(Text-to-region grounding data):
━━━━━━━━━━━━━━━━━━━━━━━━━━━━━━

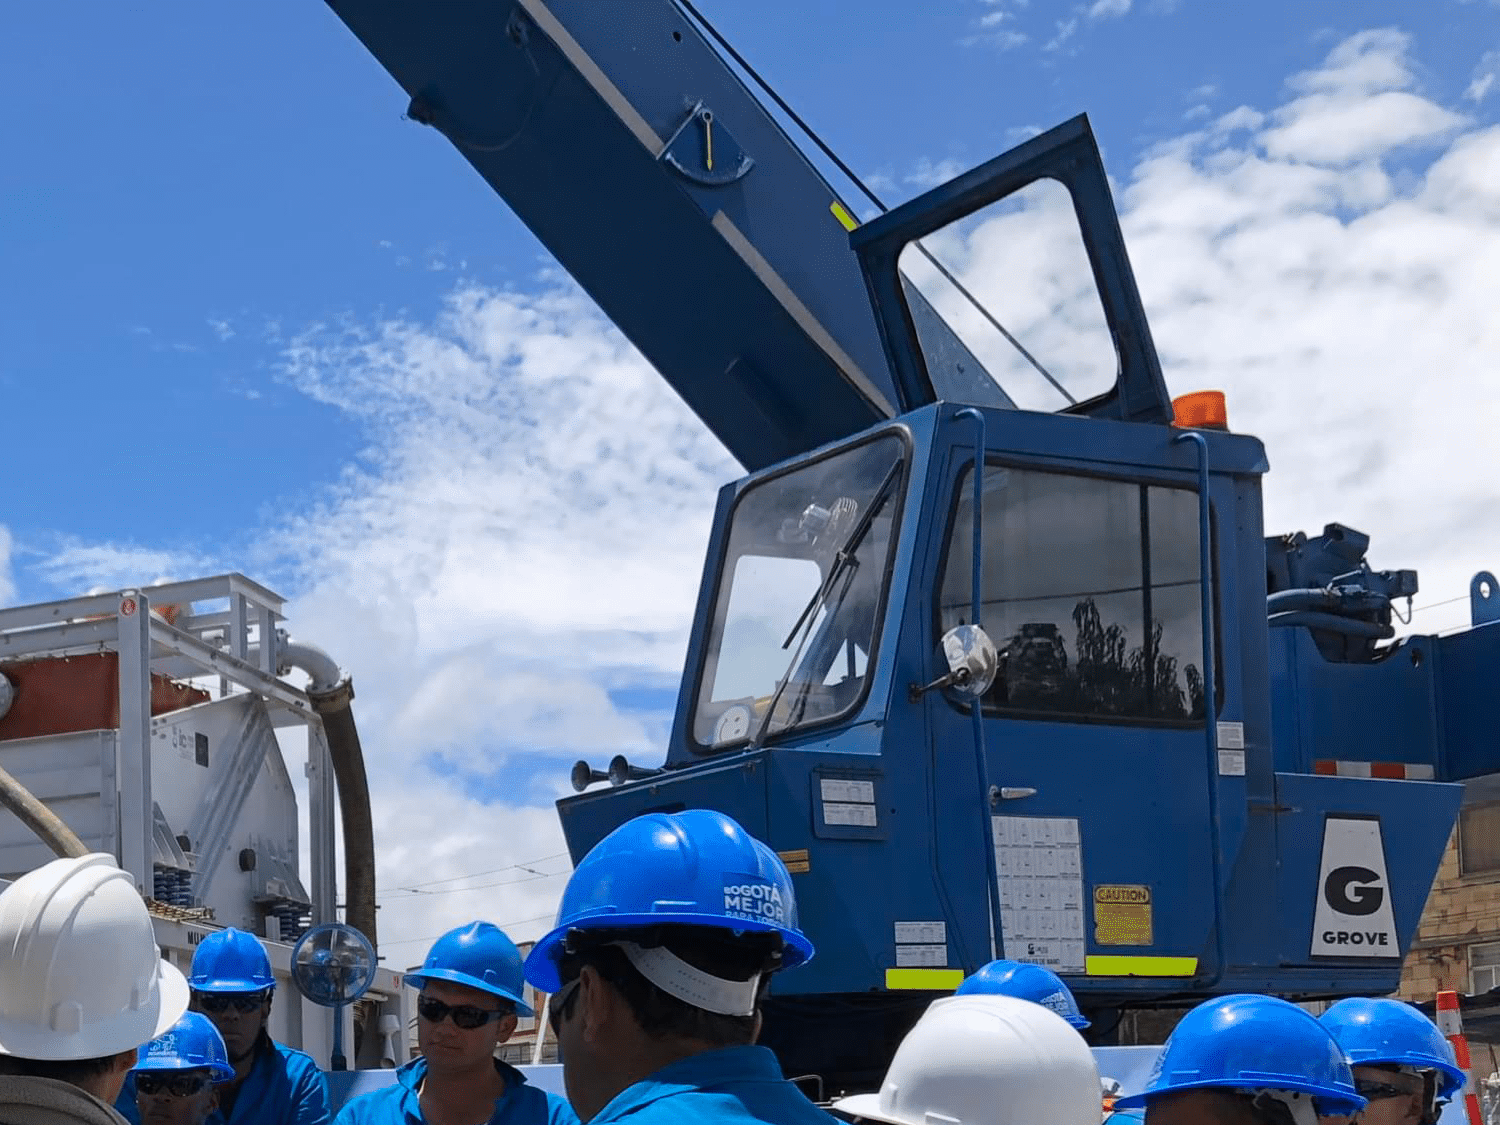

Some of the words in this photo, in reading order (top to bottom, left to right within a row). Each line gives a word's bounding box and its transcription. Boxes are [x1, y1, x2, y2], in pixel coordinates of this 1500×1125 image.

[723, 883, 783, 907] BOGOTÁ
[1097, 889, 1147, 900] CAUTION
[1325, 865, 1384, 916] G
[724, 895, 785, 922] MEJOR
[1322, 931, 1388, 946] GROVE

━━━━━━━━━━━━━━━━━━━━━━━━━━━━━━

The records above should be written out in full and unchanged, except that pictures are dropped.

Some of the words in this photo, in reading order (top to bottom, left to right within a row). Each line gives a word's bounding box and its transcription. Boxes are [x1, y1, x2, y2], in pixel coordinates of this 1500×1125 image.

[723, 883, 783, 907] BOGOTÁ
[1097, 889, 1147, 900] CAUTION
[1325, 865, 1384, 916] G
[724, 895, 785, 922] MEJOR
[1322, 931, 1388, 946] GROVE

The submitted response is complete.